# Almonds in banana bread



## GB (Jan 13, 2005)

I will be making Audeo's banana bread again tonight. I don't feel like going to the store though. I have all the ingredients except for the walnuts. I do have almonds though. Do you think that would work, or do you think it would be better to leave the nuts out altogether? I will probably use them, but I was just curious about everyone else's tastes.


----------



## PA Baker (Jan 13, 2005)

I'd use them GB.  I haven't used walnuts yet--I love pecans.  Are they slivered?  Just toast them like you do any other nuts, but watch them closely if they're slivered as they'll toast FAST.

I'm hooked on the stuff too--if I don't make it every week, I get a craving for it!


----------



## GB (Jan 13, 2005)

Thanks PA Baker. Yes they are slivers so I will make sure not to take my eyes off them.

Yeah I really love this banana bread. We have a hard time in my house though, because we both love bananas so it is hard to keep a few around to ripen without eating them


----------



## mudbug (Jan 13, 2005)

Yay, fruit AND nuts covered in the first few posts in our new thread!


----------



## middie (Jan 13, 2005)

gb that's the only way to make a recipe your own.
try it why not?? you might like it better than with
the walnuts... one never knows


----------



## GB (Jan 13, 2005)

You are absolutely right Middie. I am going to use the almonds and I am also going to add peanut butter chips


----------



## middie (Jan 13, 2005)

gb... now [/b]THAT*
sounds incredible !!!!

please let us know how that came out*


----------



## GB (Jan 13, 2005)

I certainly will.


----------



## GB (Jan 14, 2005)

OK here is the verdict...Walnuts are better. I used the almonds and I also put in peanut butter chips. Now as far as nuts go, almonds are one of my favorites and walnuts are close to the bottom of my nut list. Don't get me wrong, I do like walnuts, but compared to all other nuts they just are not my favorite.

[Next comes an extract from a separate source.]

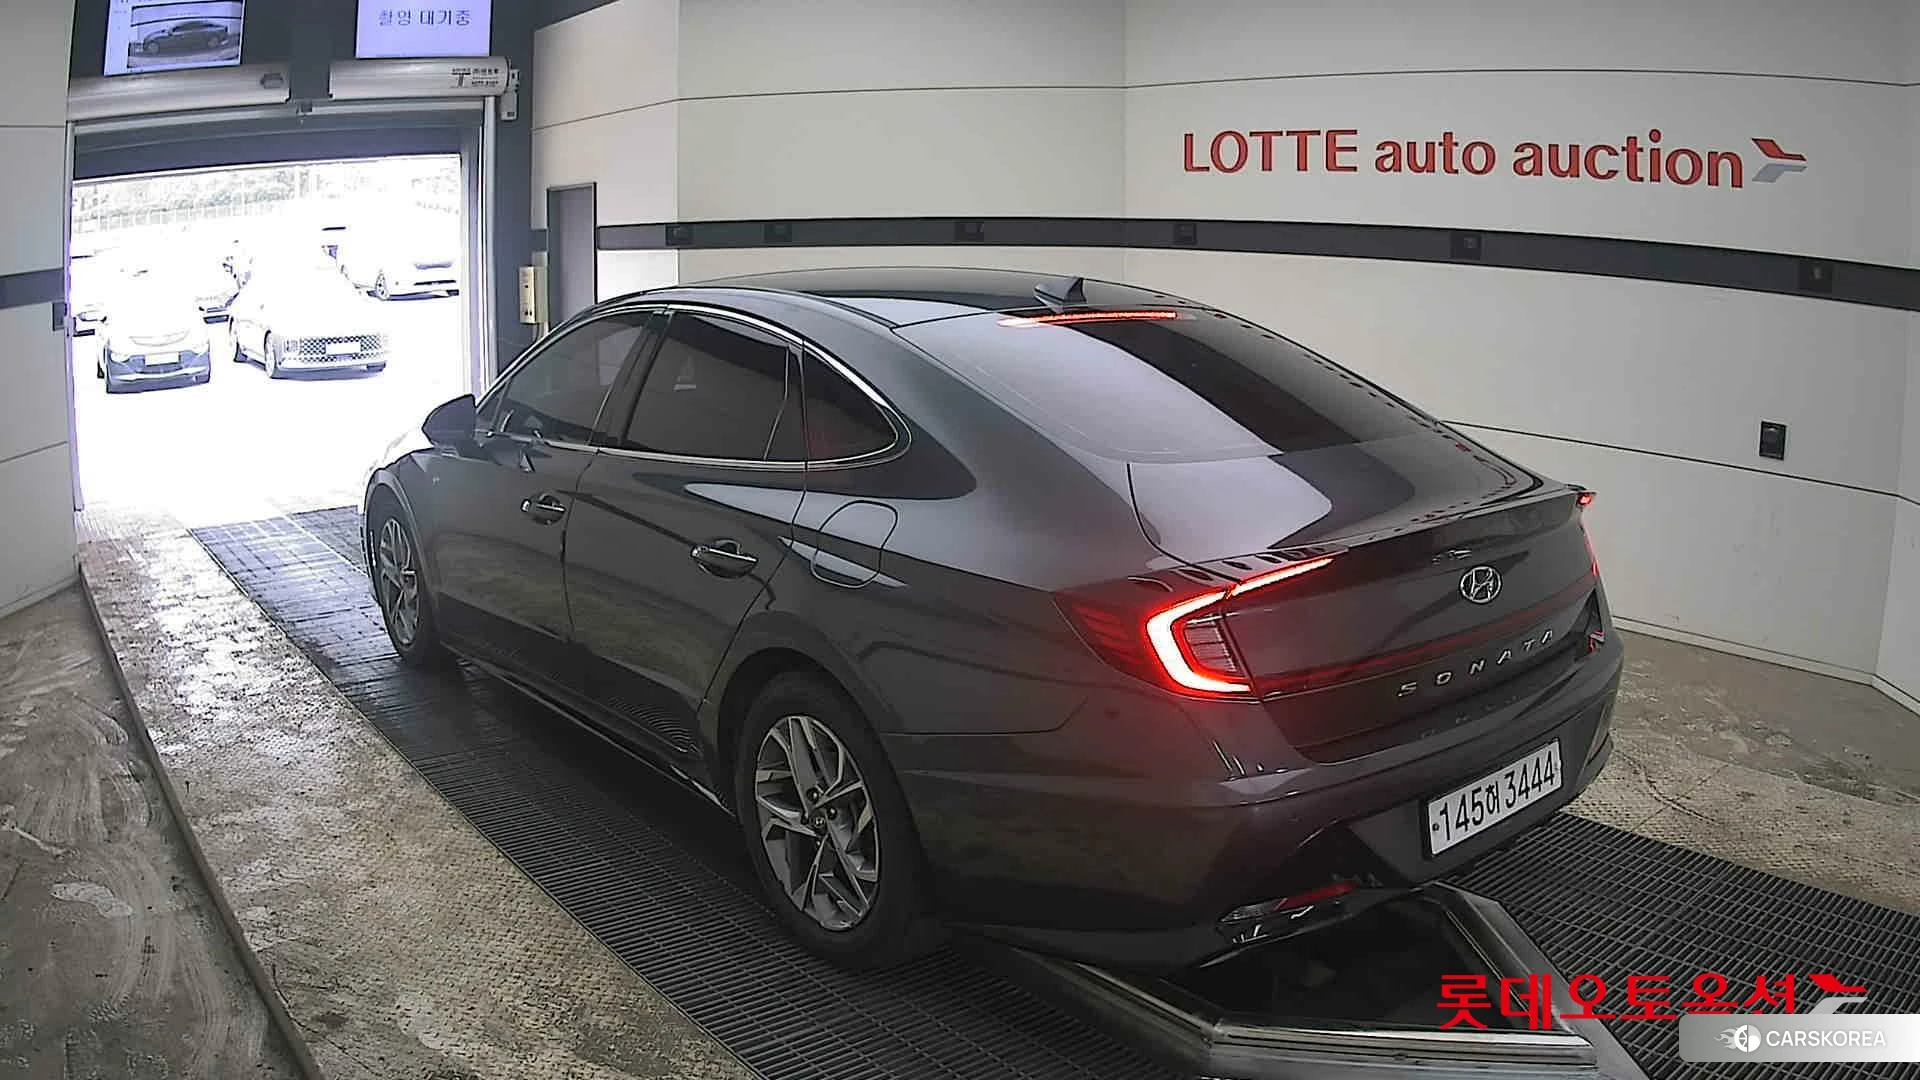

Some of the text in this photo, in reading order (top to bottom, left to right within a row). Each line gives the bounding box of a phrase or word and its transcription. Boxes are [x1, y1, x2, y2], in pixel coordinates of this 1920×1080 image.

[420, 9, 470, 26] 대기중
[1184, 130, 1743, 188] LOTTE auto auction
[1398, 629, 1553, 697] SONATA
[1439, 750, 1555, 841] 145허 3444

In banana bread though, the walnuts work much better for me. The almonds were good, but the flavors did not compliment each other as well as I had hoped. The big surprise for me though was that I liked it better without the peanut butter chips too. They were a bit over powering. I did use a lot of chips so maybe if I cut the amount down it would be better, but I think next time I will use walnuts and not chips.

While it was baking though, my wife was in heaven. She stayed near the kitchen to just smell it. She said it was the best smell ever  And that is coming from a pregnant lady who has had a lot of trouble with smells during her pregnancy.


----------



## PA Baker (Jan 14, 2005)

Thanks for letting us know how it came out, GB.  You'll have to try pecans sometime, too.  They lend the meatiness that the walnuts do, too, but I prefer the taste and texture of a pecan over a walnut.


----------



## GB (Jan 14, 2005)

Yeah I will definitely have to try pecans. I love those!


----------



## middie (Jan 14, 2005)

ooh yeah i bet the pecans would be great


----------



## middie (Jan 14, 2005)

think i'll have to make this bread with... macadamias
sometime.


----------



## Audeo (Jan 15, 2005)

Thanks for saving me here, GB!  (I was thinking about using almonds today...!)

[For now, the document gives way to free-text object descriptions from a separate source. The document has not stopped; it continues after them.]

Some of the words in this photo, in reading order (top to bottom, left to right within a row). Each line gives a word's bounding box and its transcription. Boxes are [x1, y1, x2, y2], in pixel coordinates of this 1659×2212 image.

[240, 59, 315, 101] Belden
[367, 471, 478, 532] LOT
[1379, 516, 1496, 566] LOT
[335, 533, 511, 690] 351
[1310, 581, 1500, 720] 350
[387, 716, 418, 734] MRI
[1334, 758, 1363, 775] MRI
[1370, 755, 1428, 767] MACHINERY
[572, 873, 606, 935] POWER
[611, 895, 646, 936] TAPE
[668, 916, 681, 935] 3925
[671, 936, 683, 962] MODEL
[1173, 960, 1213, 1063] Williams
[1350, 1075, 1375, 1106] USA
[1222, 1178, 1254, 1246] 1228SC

So glad your wife is enjoying the aroma!  This is the only smell that will awaken my household on a weekend morning and does consistently!


----------



## GB (Jan 15, 2005)

Don't get me wrong Audeo. It was not bad with the almonds, just not as GREAT as with the walnuts.

And thank YOU for posting this great recipe. It is one I will be making until I am too old to be allowed near the kitchen


----------



## Audeo (Jan 15, 2005)

LOL!

I, too, will make this one until I no longer can!  And you can thank the folks at America's Test Kitchen and TIVO, the former for providing the recipe and techniques, and the latter for allowing me the opportunity to reverse a hundred times until I copied everything down...!  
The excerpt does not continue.